Each entry that follows should be set down precisely, with its pictures removed.

(Images for object localization)
=======

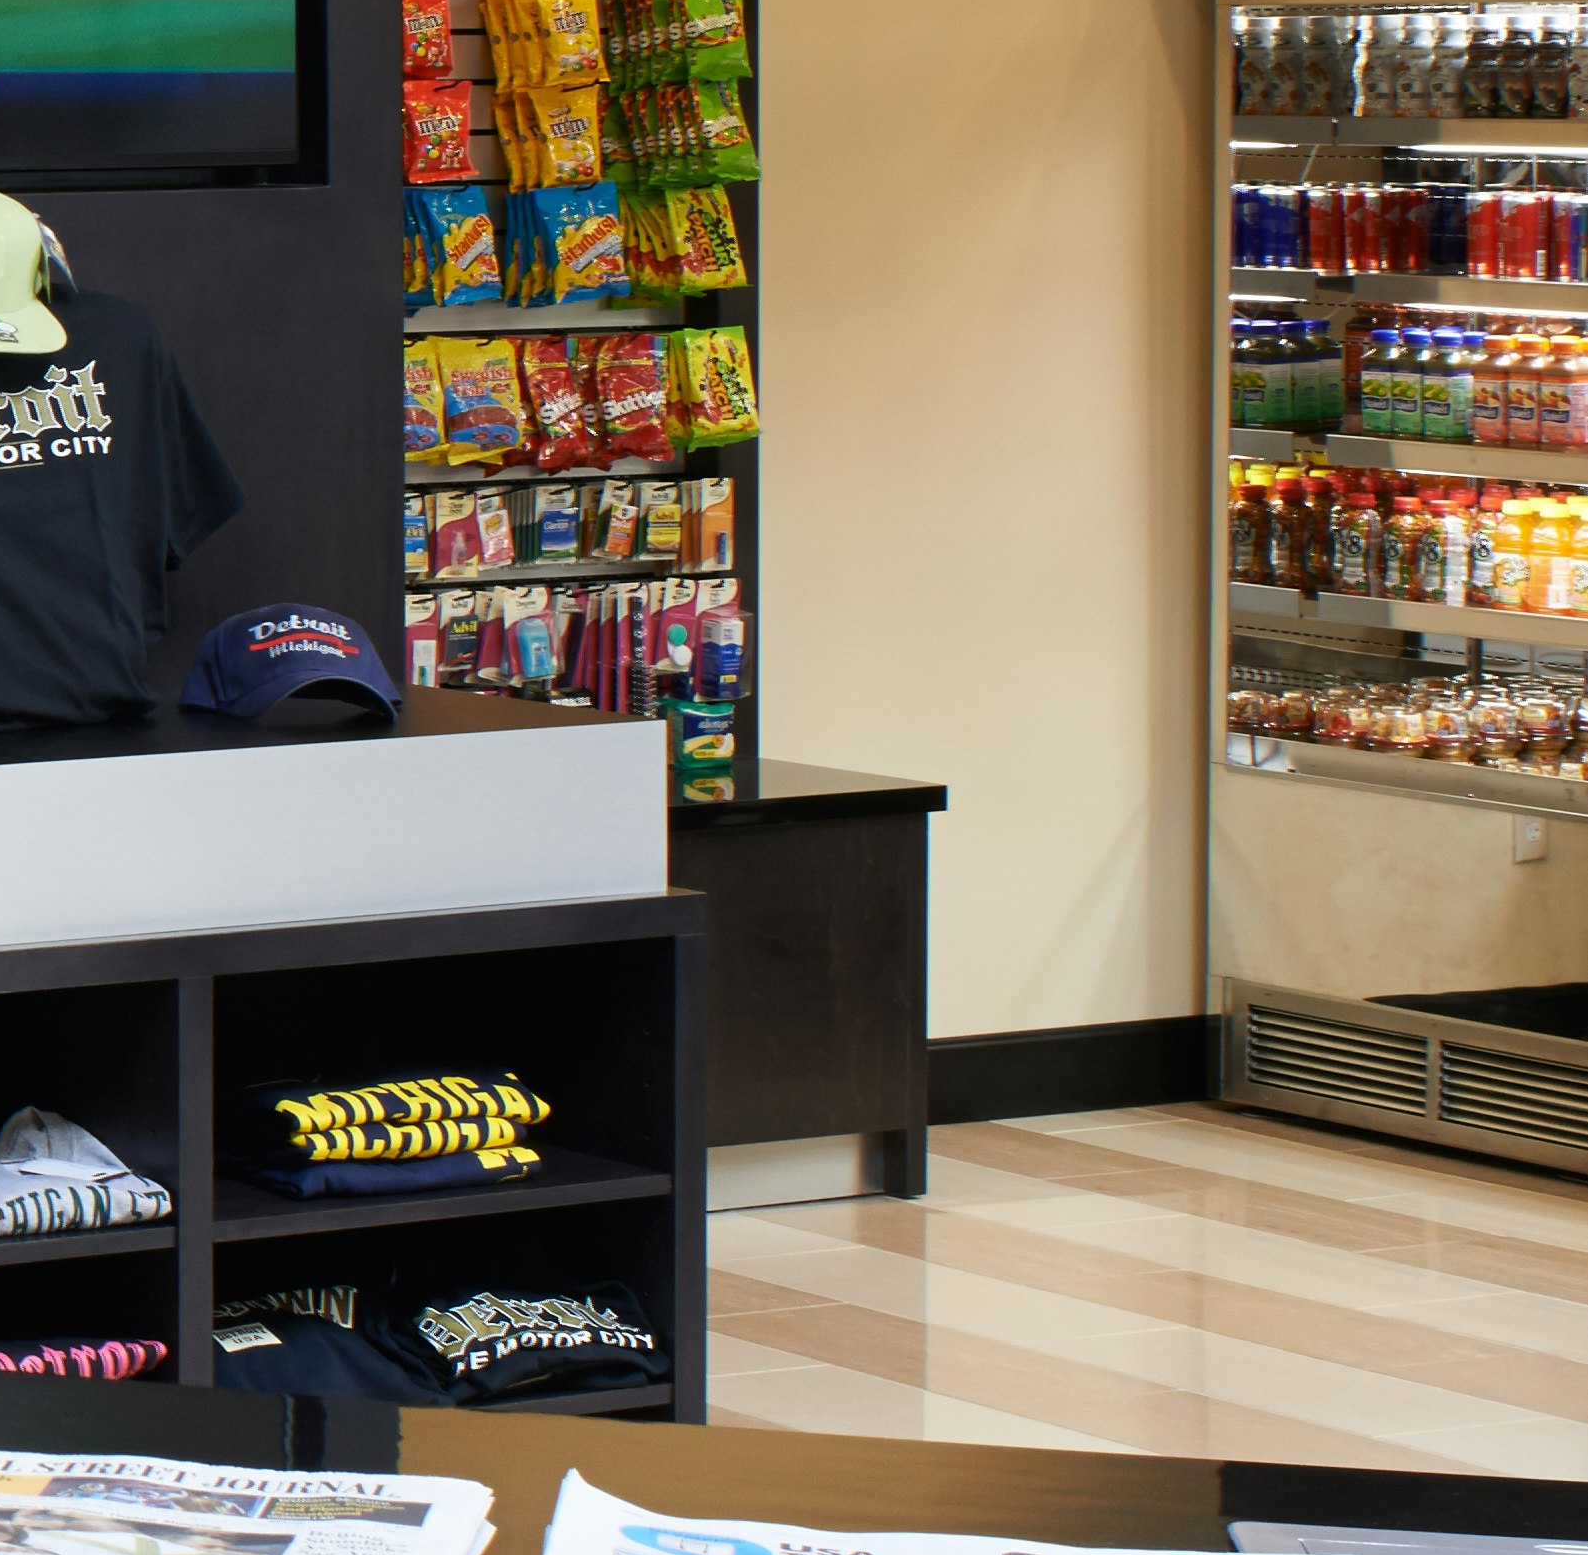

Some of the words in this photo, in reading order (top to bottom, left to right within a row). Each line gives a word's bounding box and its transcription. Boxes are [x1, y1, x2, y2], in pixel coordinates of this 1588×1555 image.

[51, 436, 112, 457] CITY
[248, 615, 352, 640] Detroit
[450, 620, 477, 635] Advil
[496, 1331, 591, 1358] MOTOR
[33, 1460, 199, 1484] STREET
[202, 1476, 400, 1498] JOURNAL.

=======

Exercise output:
Some of the words in this photo, in reading order (top to bottom, left to right within a row). Each line gives a word's bounding box and its transcription. Boxes are [x1, y1, x2, y2], in pixel coordinates of this 1588×1555 image.

[51, 436, 112, 457] CITY
[248, 615, 352, 640] Detroit
[450, 620, 477, 635] Advil
[496, 1331, 591, 1358] MOTOR
[33, 1460, 199, 1484] STREET
[202, 1476, 400, 1498] JOURNAL.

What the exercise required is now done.